Using a Parsing Package

Through NPM (Node Package Manager), you can find a number of HTML parsers, such as cheerio or htmlParser2. These packages allow you to get to the parts of the HTML you need in order to combine pieces of content the way you would like.

For this article, cheerio will be used. It allows you to parse the HTML and gives you a DOM to use or alter using jQuery syntax. With the familiar syntax, pulling out pieces of content can be done quickly and effectively.

Get HTML with cheerio

To install cheerio, you need to install it into your project with npm:

>npm install cheerio

Once installed, you should be able to require the package in your Node files:

var cheerio = require(‘cheerio’);

To load HTML from files into cheerio, you will need to have some HTML files with some content. As a simple example, two small HTML files with needed content will be used to populate and output a new document with the combined content.

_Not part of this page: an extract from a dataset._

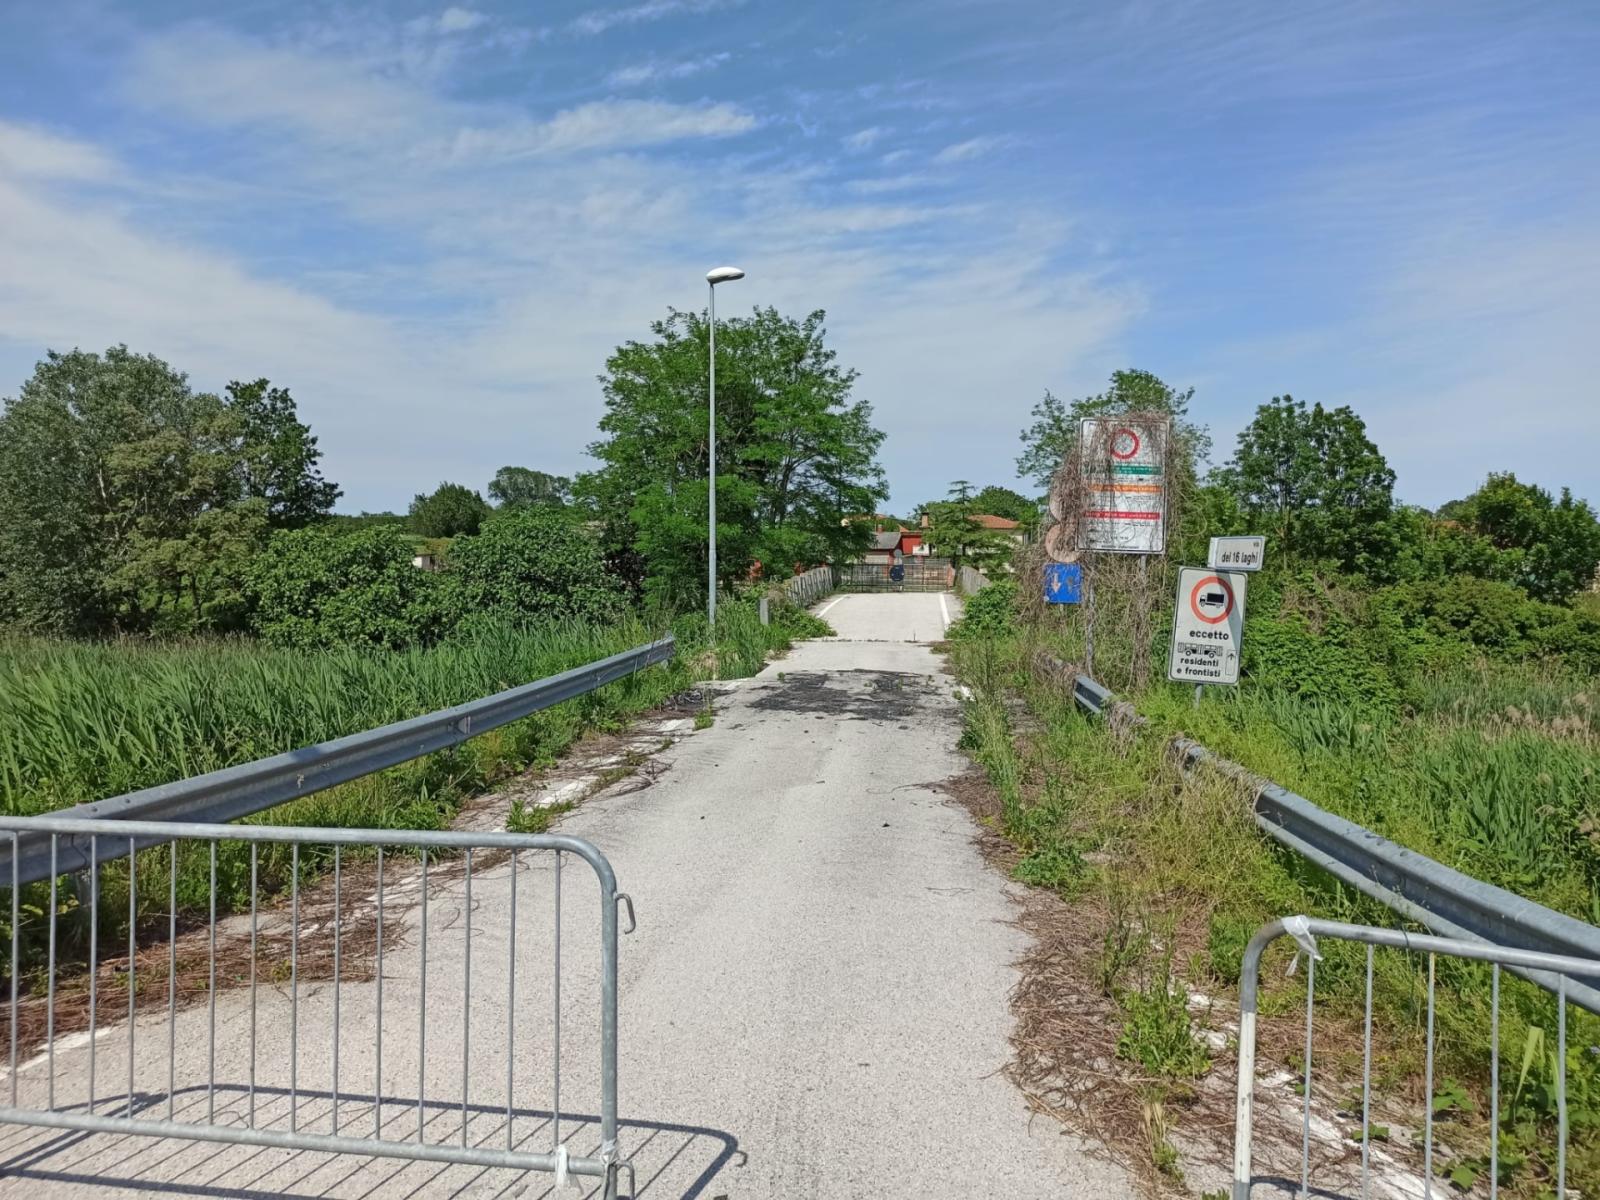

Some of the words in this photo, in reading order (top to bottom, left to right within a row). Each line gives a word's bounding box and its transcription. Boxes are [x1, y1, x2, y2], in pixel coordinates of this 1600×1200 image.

First, a file that will be named pizzapost.html:

<html>
<head>
<title>My Favorite Food</title>
</head>
<body>
<h1>My Favorite Food</h1>
<div class=’post-content’>
<p>I just wanted to tell everyone reading right now’ my favorite food is pizza! That’s right, a big supreme pizza is the best.</p>
</div>
</body>
</html>

Second, a file that will be named morefoods.html:

<html>
<head>
<title>More favorite foods</title>
</head>
<body>
<h1>More of my favorite foods!</h1>
<div class=’post-content’>
<p>Actually, there are some other foods I like quite well also: hamburgers, sandwiches, and chocolate of any kind!
</div>
</body>
</html>

Suppose you want to combine the content of these food posts into a single file that displays all of the favorite foods in one place. Unfortunately, the post content is way down in an element with the CSS class of ‘post-content’. Combining both files as-is would result in doubling up the HTML, head, body, and h1 elements in a new document. What you would like is to simply get the post content from each file and place it in a new HTML document that has the title, heading, etc. that you need.

This can be done by loading the files into cheerio. In your node script, do the following:

‘use strict’;
var fs = require(‘fs’);
var cheerio = require(‘cheerio’);
var $pizzapost = {};
var $morepost = {};
var outputHTML = ‘<html><head><title>All Favorite Foods</title></head><body><h1>All Foods</h1>’;
fs.readFile(‘../assets/html/pizzapost.html’, ‘utf8’, function(content) {
$pizzapost = cheerio.load(content);
fs.readFile(‘../assets/html/morefoods.html’, ‘utf8’, function(morecontent) {
$morepost = cheerio.load(morecontent);
outputHTML += $pizzapost(‘.post-content’).html();
outputHTML += $morepost(‘.post-content’).html();
outputHTML += ‘</body></html>’;
fs.writeFile(‘../assets/html/allfoods.html’, outputHTML, function (err) {
if (err) {
return console.log(err);
}
console.log(‘The new HTML file has been created!’);
}
}
}

As you can see, the needed packages are loaded, and the start of the HTML to output is defined. Next, this reads the first file asynchronously, loads that output DOM into a variable via cheerio, then reads the second file and does the same for it. When this is done, cheerio allows you to use the same type of selectors you would in jQuery.

In this case, you only want the content inside of elements that have the ‘.post-content’ class, so you can use that as the selector and get the HTML code using the html() function. The HTML from both content blocks is added to the output HTML, and then the closing HTML is appended to the output HTML.

The last thing to do is to write the combined HTML to its own file, which is done using fs.writeFile. When this is complete, it logs a success message to the console and you have a new HTML file with the combined content!